Top of Records for processing

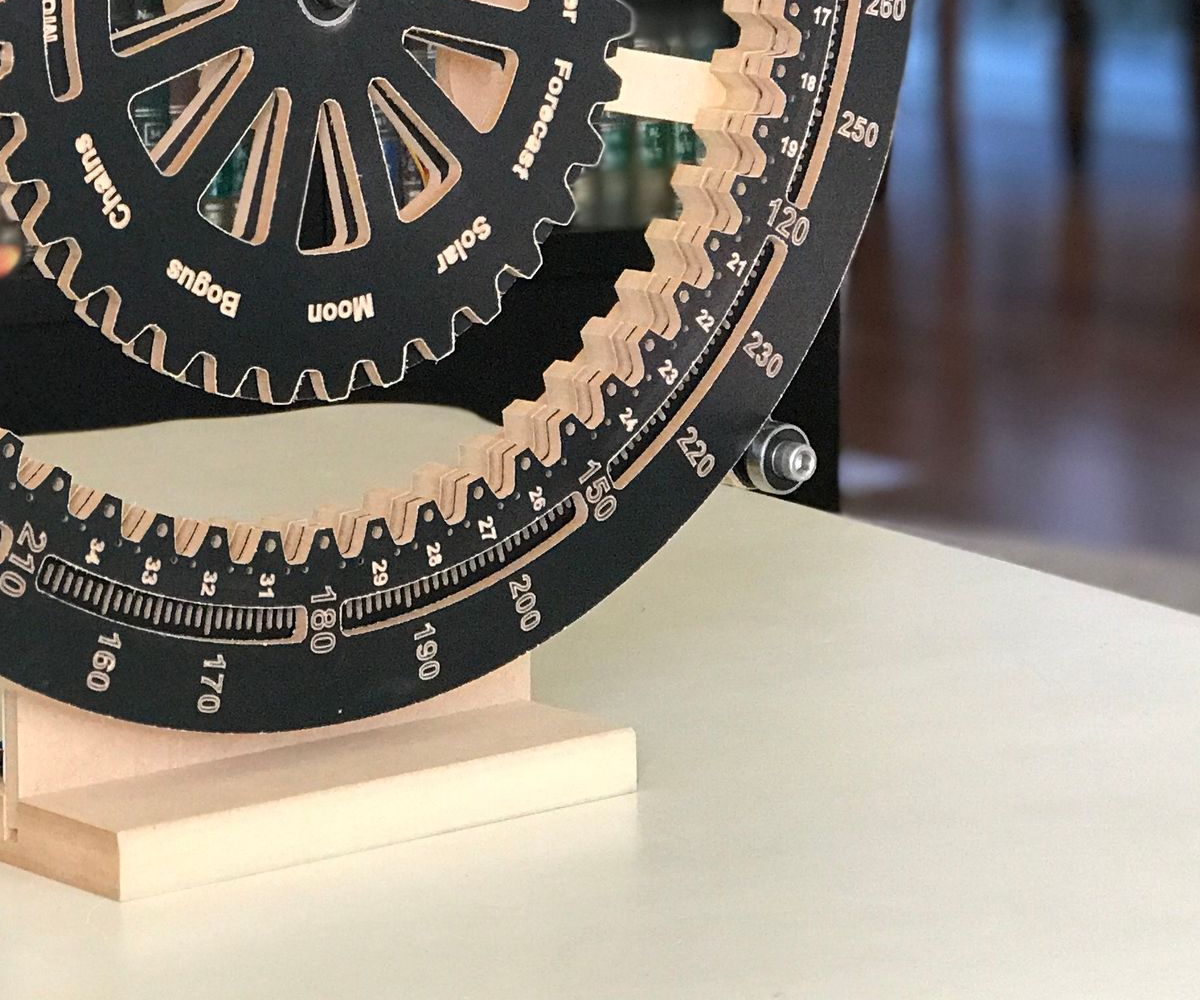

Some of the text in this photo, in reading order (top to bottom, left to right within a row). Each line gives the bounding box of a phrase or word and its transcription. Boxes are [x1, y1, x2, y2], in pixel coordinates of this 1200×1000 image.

[813, 6, 832, 26] 17
[800, 72, 817, 92] 18
[837, 110, 879, 148] 250
[780, 136, 798, 158] 19
[74, 133, 131, 230] Chains
[766, 198, 810, 246] 120
[436, 215, 492, 275] Solar
[726, 252, 747, 277] 21
[166, 258, 241, 319] Bogus
[307, 292, 375, 323] Moon
[695, 309, 715, 334] 22
[743, 331, 783, 379] 230
[657, 359, 679, 386] 23
[619, 407, 638, 432] 24
[676, 426, 716, 478] 220
[528, 486, 546, 511] 26
[578, 459, 618, 522] 150
[478, 515, 498, 540] 27
[0, 520, 48, 598] 210
[84, 537, 106, 566] 34
[426, 541, 443, 568] 28
[141, 556, 162, 586] 33
[200, 570, 218, 597] 32
[258, 572, 276, 599] 31
[371, 558, 389, 587] 29
[508, 573, 541, 632] 200
[310, 585, 337, 655] 180
[86, 632, 122, 692] 160
[413, 622, 441, 681] 190
[197, 654, 226, 714] 170
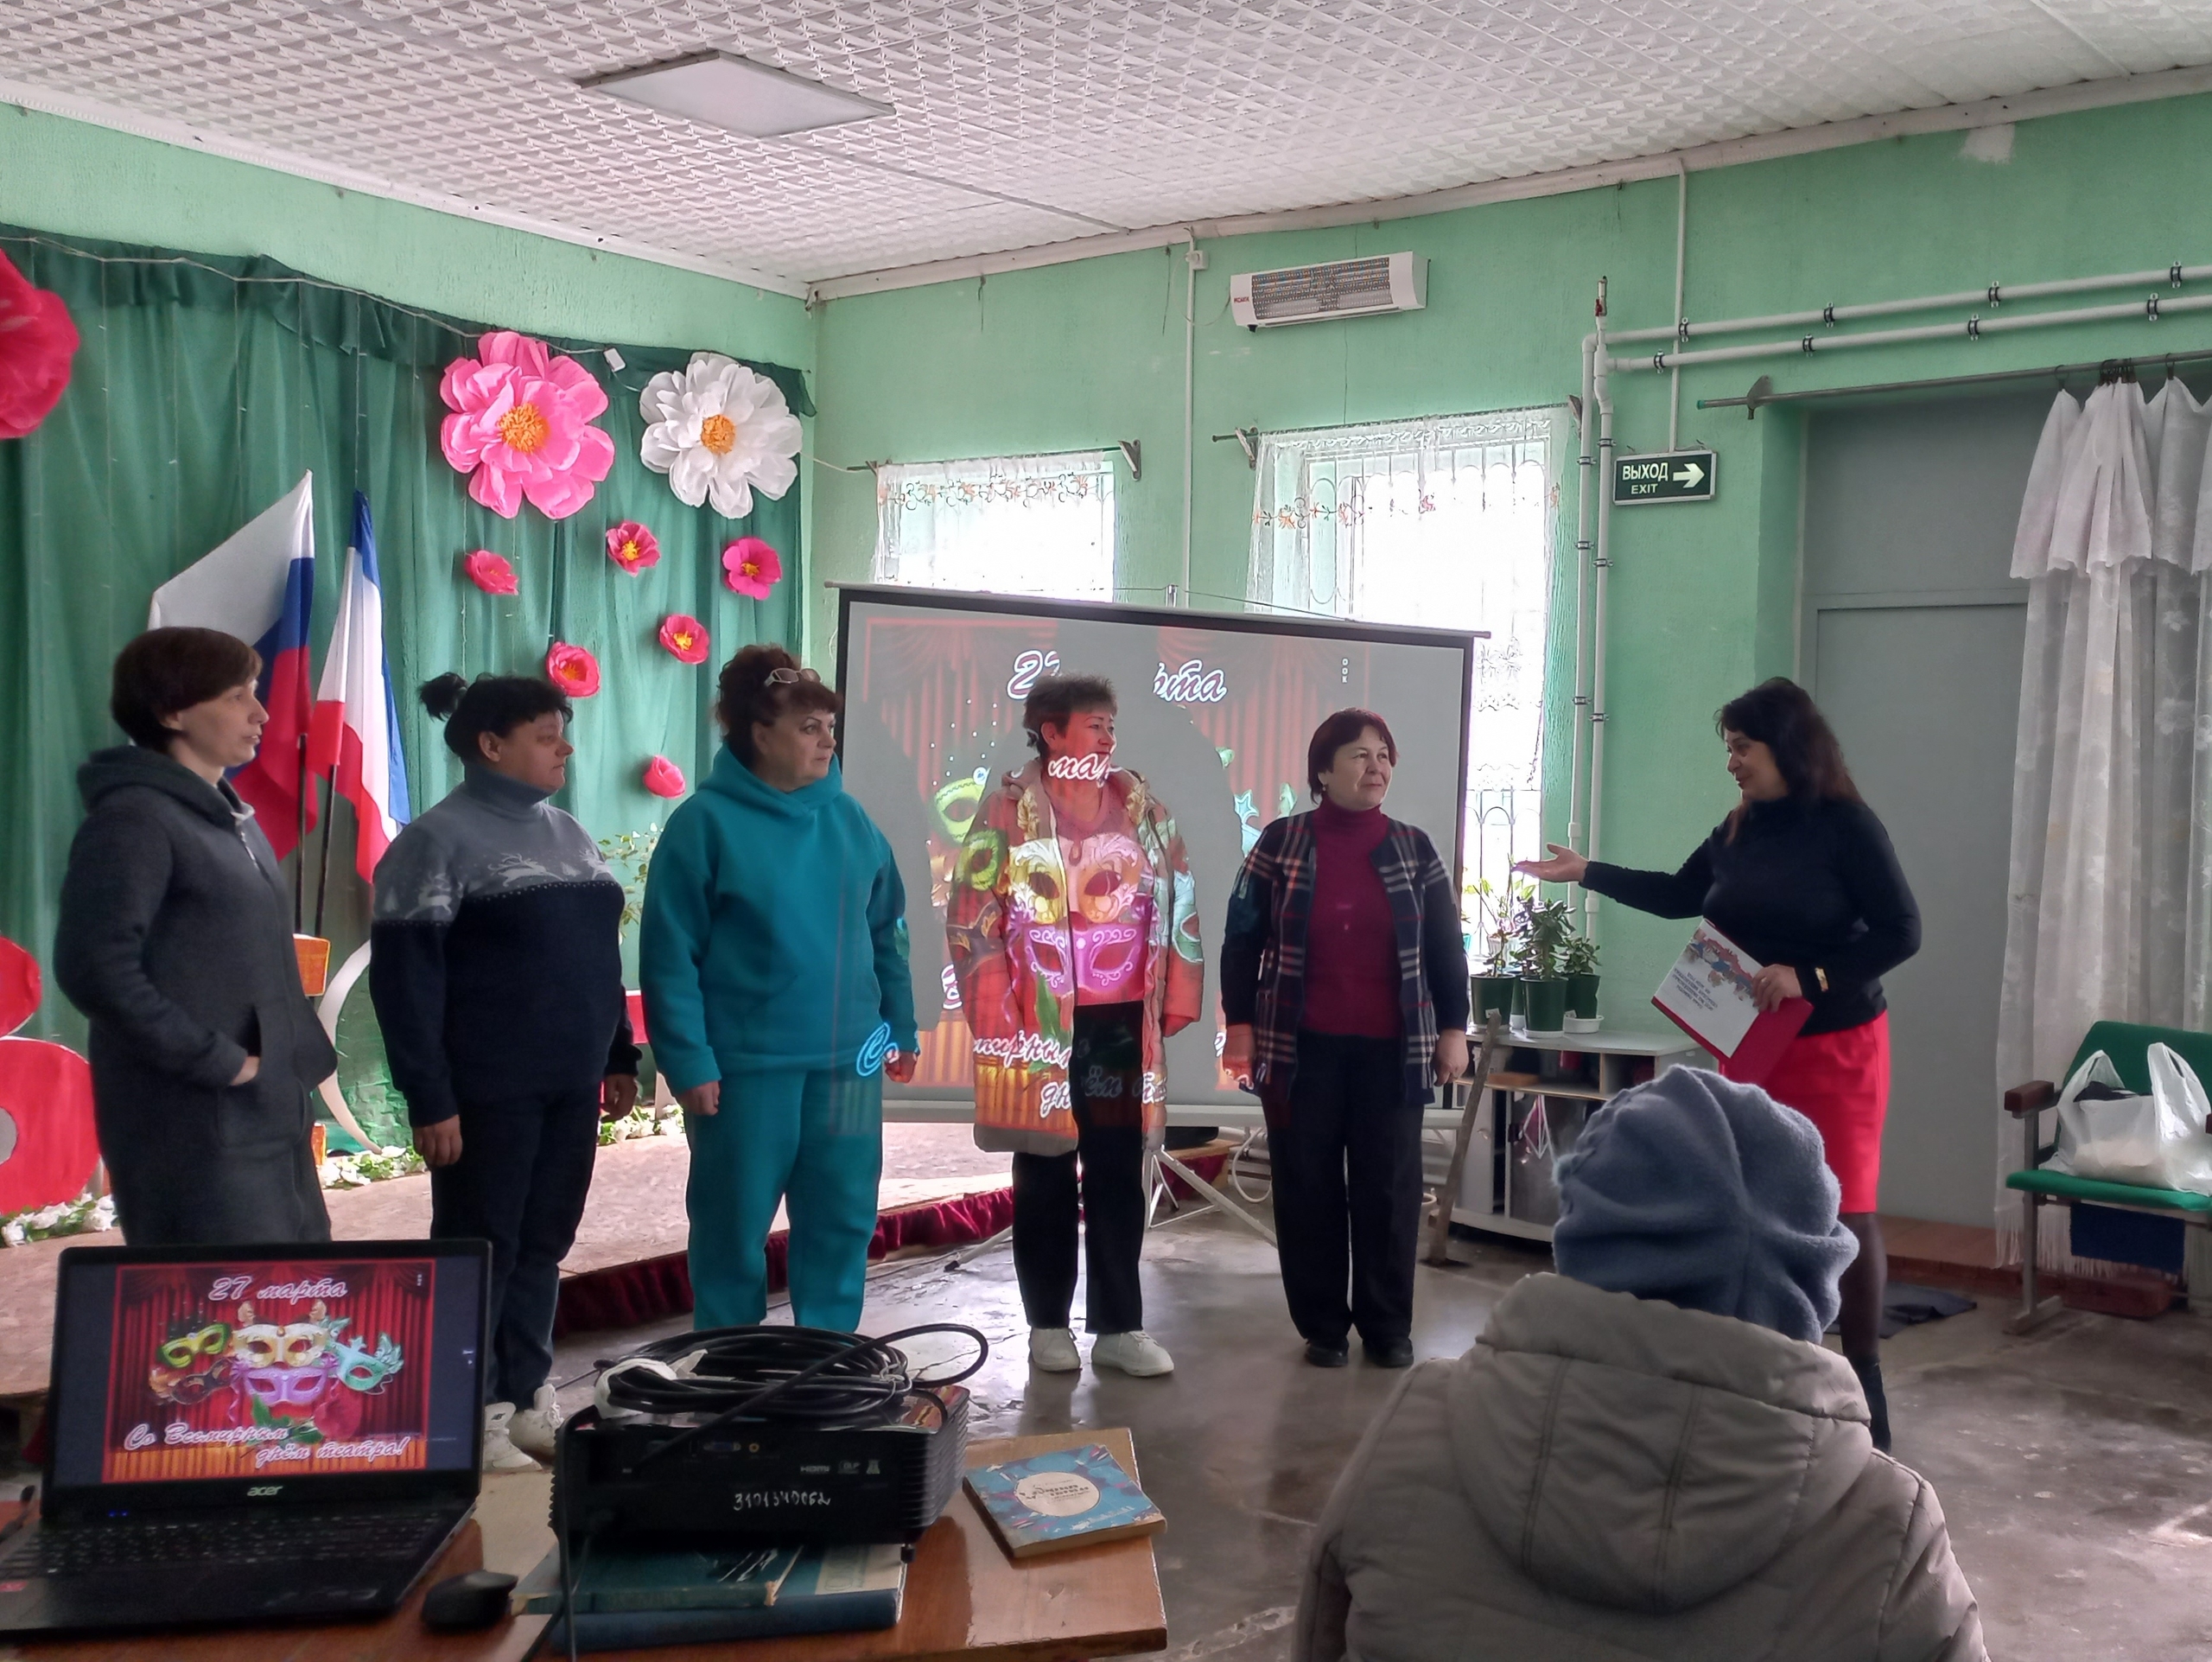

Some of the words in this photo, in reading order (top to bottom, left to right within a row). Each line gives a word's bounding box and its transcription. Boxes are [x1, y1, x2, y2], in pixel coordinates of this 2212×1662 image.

Bottom of Records for processing

### [Task to complete]
Could you output every record above exactly as it appears, without the pictures?

### [Task answer]
Some of the text in this photo, in reading order (top to bottom, left to right within a row). Each line gives the bounding box of a phrase or word and its transcription. Boxes are [x1, y1, x2, y2], in pixel coordinates of this 1200×1000 image.

[813, 6, 832, 26] 17
[800, 72, 817, 92] 18
[837, 110, 879, 148] 250
[780, 136, 798, 158] 19
[74, 133, 131, 230] Chains
[766, 198, 810, 246] 120
[436, 215, 492, 275] Solar
[726, 252, 747, 277] 21
[166, 258, 241, 319] Bogus
[307, 292, 375, 323] Moon
[695, 309, 715, 334] 22
[743, 331, 783, 379] 230
[657, 359, 679, 386] 23
[619, 407, 638, 432] 24
[676, 426, 716, 478] 220
[528, 486, 546, 511] 26
[578, 459, 618, 522] 150
[478, 515, 498, 540] 27
[0, 520, 48, 598] 210
[84, 537, 106, 566] 34
[426, 541, 443, 568] 28
[141, 556, 162, 586] 33
[200, 570, 218, 597] 32
[258, 572, 276, 599] 31
[371, 558, 389, 587] 29
[508, 573, 541, 632] 200
[310, 585, 337, 655] 180
[86, 632, 122, 692] 160
[413, 622, 441, 681] 190
[197, 654, 226, 714] 170

Some of the words in this photo, in reading order (top to bottom, left to right within a row). Each line gives a word's bounding box and its transcription. Boxes are [x1, y1, x2, y2], in pixel coordinates of this 2212×1662 image.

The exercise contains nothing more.